WHAT YOU SHOULD DO:
Pictures stay out; everything else in the records gets transcribed exactly.

'''

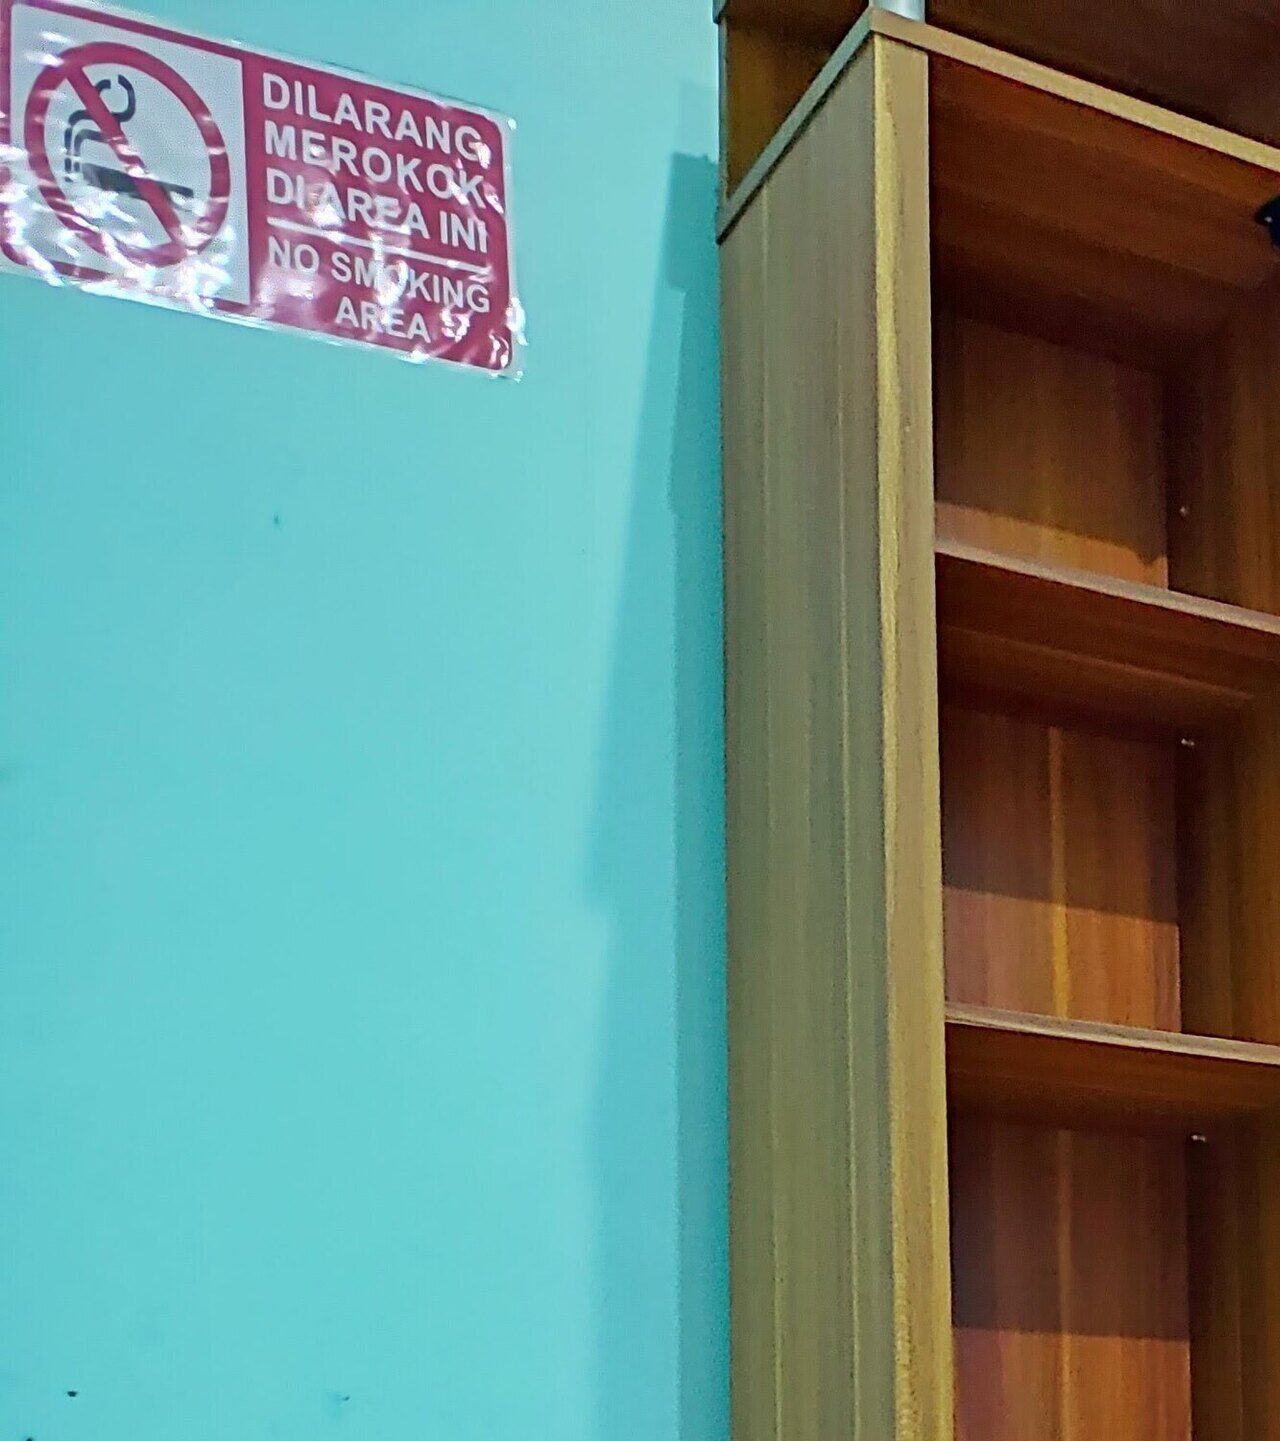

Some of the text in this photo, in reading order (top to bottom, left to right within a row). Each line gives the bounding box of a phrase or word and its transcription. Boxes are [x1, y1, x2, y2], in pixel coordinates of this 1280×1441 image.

[262, 72, 489, 161] DILARANG
[264, 120, 487, 208] MEROKOK
[266, 167, 488, 253] DI AREA INI
[268, 236, 490, 313] NO SMOKING
[335, 296, 431, 343] AREA

'''

EXERCISE RESPONSE:
Some of the text in this photo, in reading order (top to bottom, left to right within a row). Each line gives the bounding box of a phrase or word and its transcription. Boxes are [x1, y1, x2, y2], in pixel coordinates of this 1280×1441 image.

[262, 72, 489, 161] DILARANG
[264, 120, 487, 208] MEROKOK
[266, 167, 488, 253] DI AREA INI
[268, 236, 490, 313] NO SMOKING
[335, 296, 431, 343] AREA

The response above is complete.